**THE PROBLEM:** Please print the entries exactly, omitting each image.

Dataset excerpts
**********

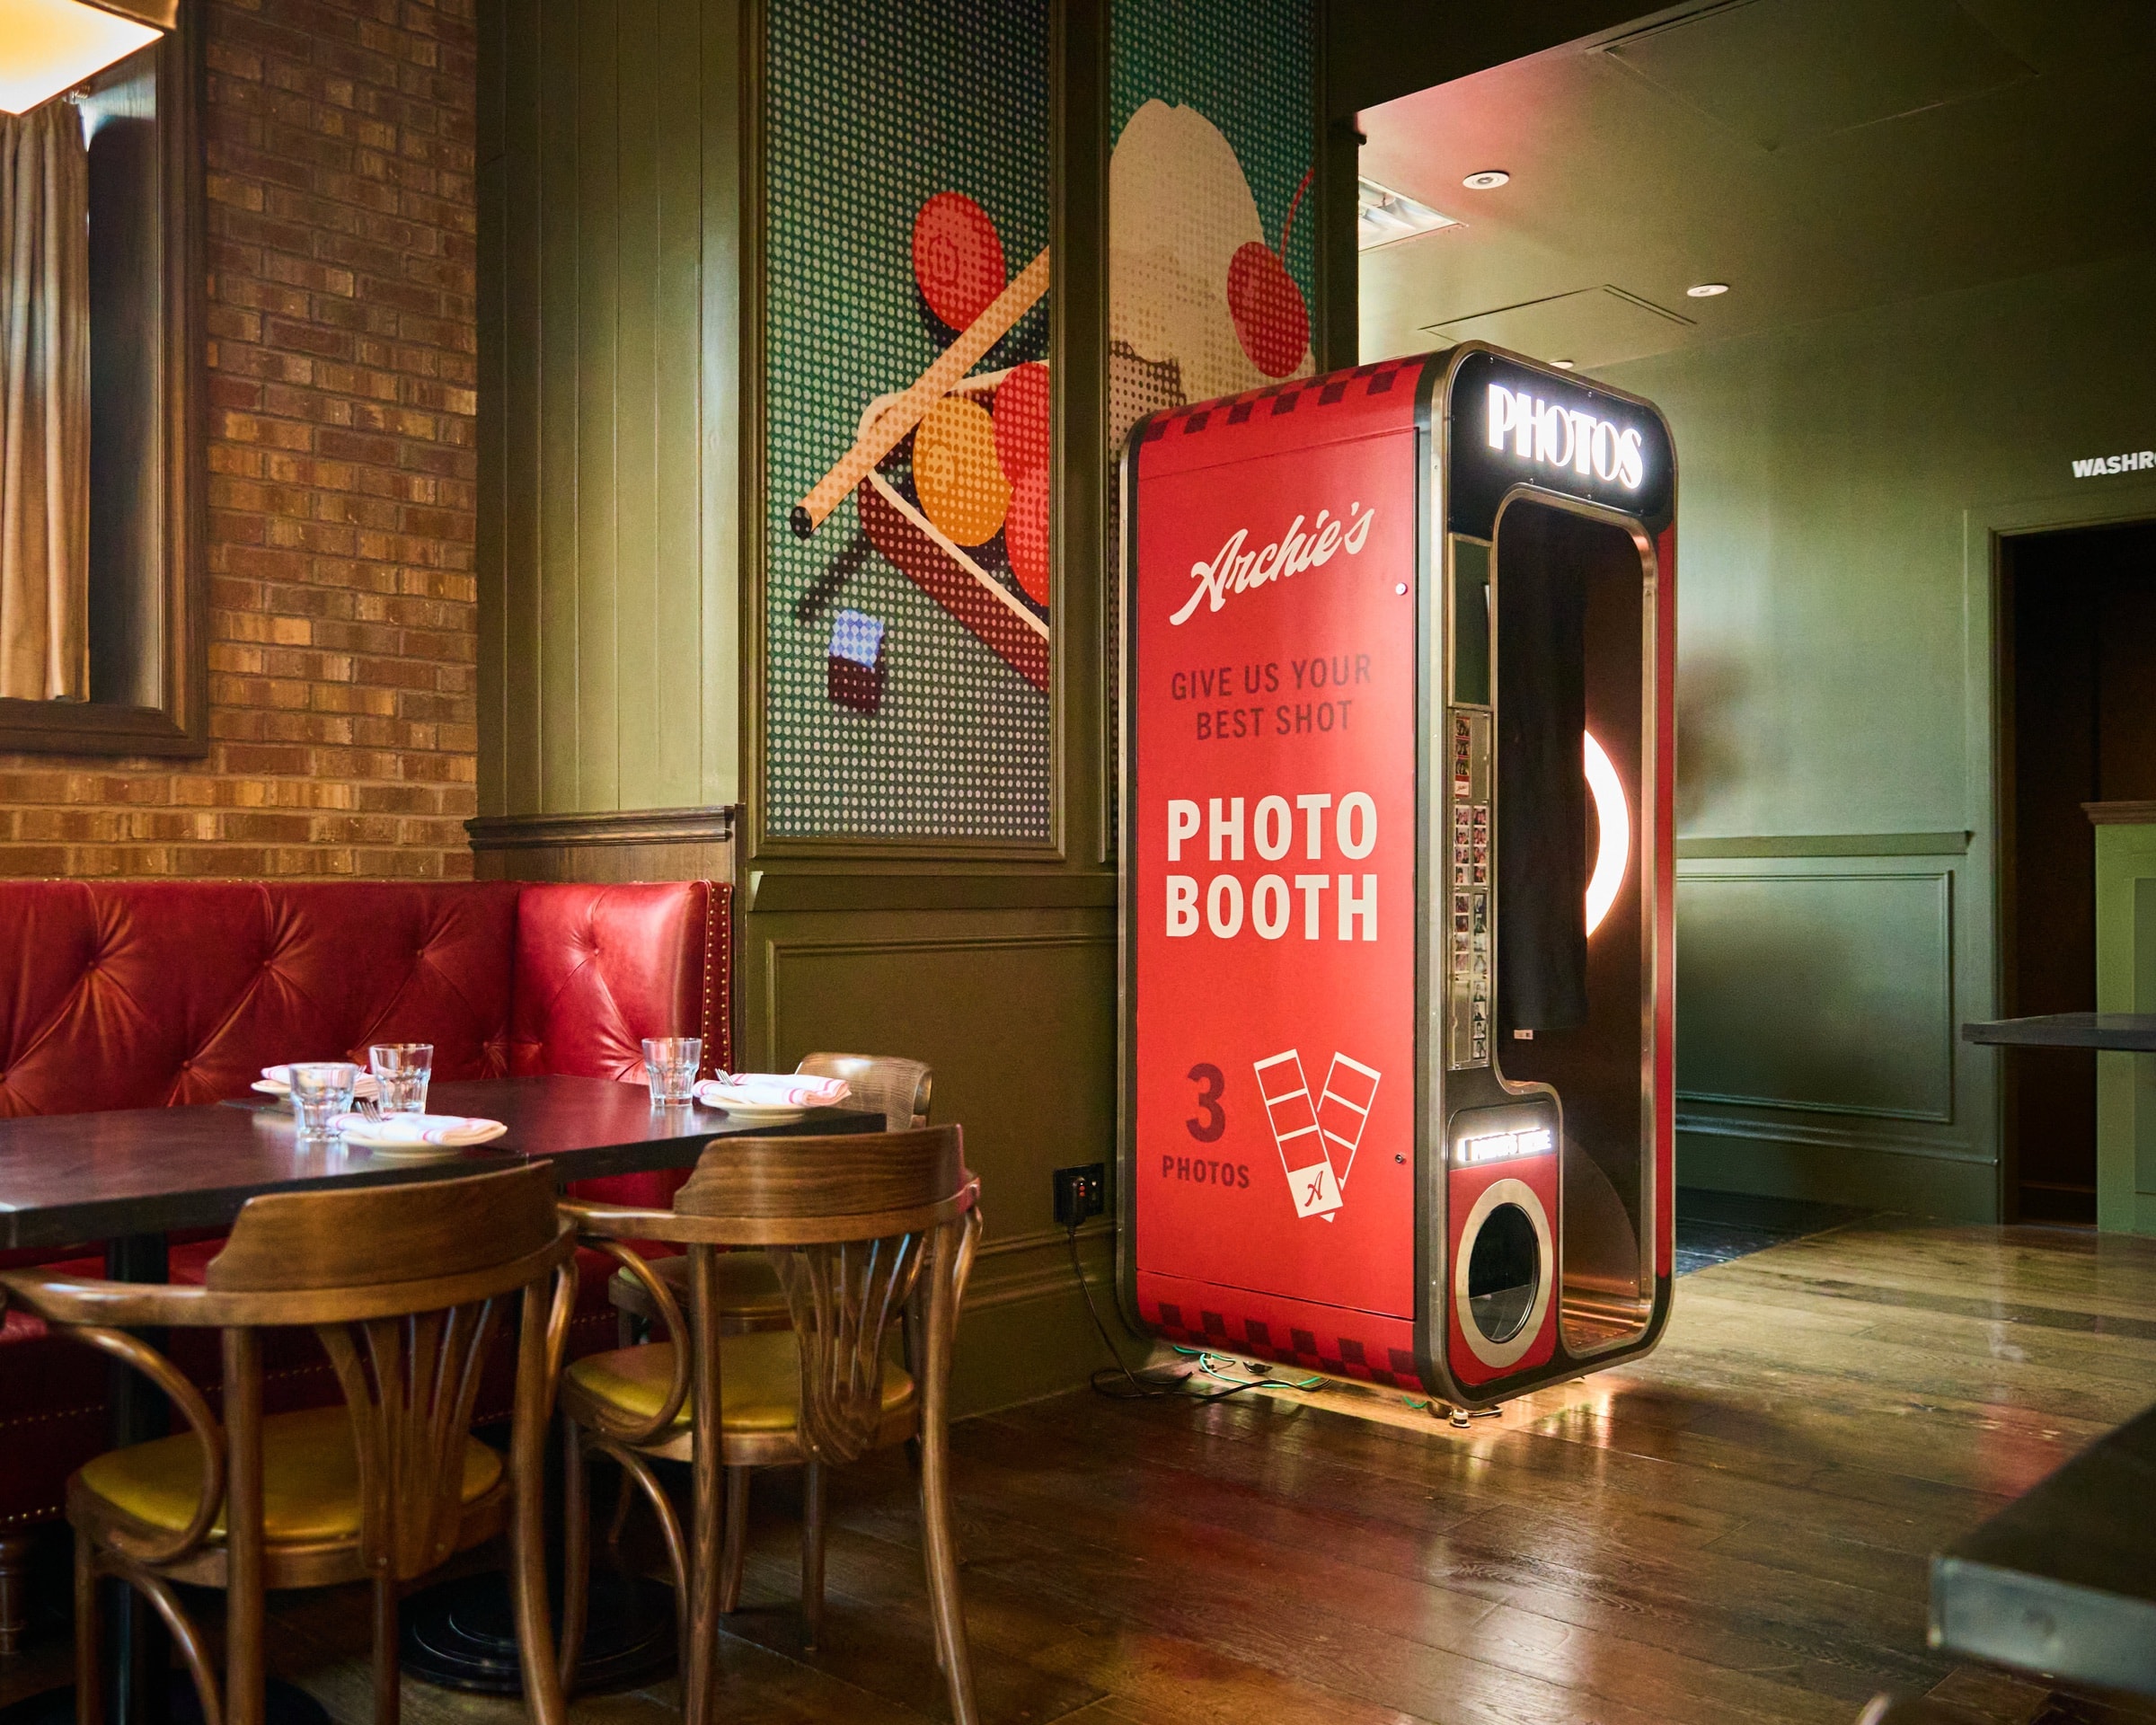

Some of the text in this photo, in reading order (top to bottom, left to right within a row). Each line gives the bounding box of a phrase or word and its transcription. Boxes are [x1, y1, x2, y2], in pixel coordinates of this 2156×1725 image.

[1489, 384, 1644, 490] PHOTOS
[1169, 501, 1375, 626] Archie's
[1171, 653, 1373, 701] GIVE US YOUR
[1196, 700, 1353, 741] BEST SHOT
[1167, 791, 1378, 862] PHOTO
[1166, 873, 1378, 942] BOOTH
[1185, 1062, 1226, 1144] 3
[1162, 1154, 1250, 1190] PHOTOS

**********

**SOLUTION FOR THIS PROBLEM:**
Some of the text in this photo, in reading order (top to bottom, left to right within a row). Each line gives the bounding box of a phrase or word and its transcription. Boxes are [x1, y1, x2, y2], in pixel coordinates of this 2156×1725 image.

[1489, 384, 1644, 490] PHOTOS
[1169, 501, 1375, 626] Archie's
[1171, 653, 1373, 701] GIVE US YOUR
[1196, 700, 1353, 741] BEST SHOT
[1167, 791, 1378, 862] PHOTO
[1166, 873, 1378, 942] BOOTH
[1185, 1062, 1226, 1144] 3
[1162, 1154, 1250, 1190] PHOTOS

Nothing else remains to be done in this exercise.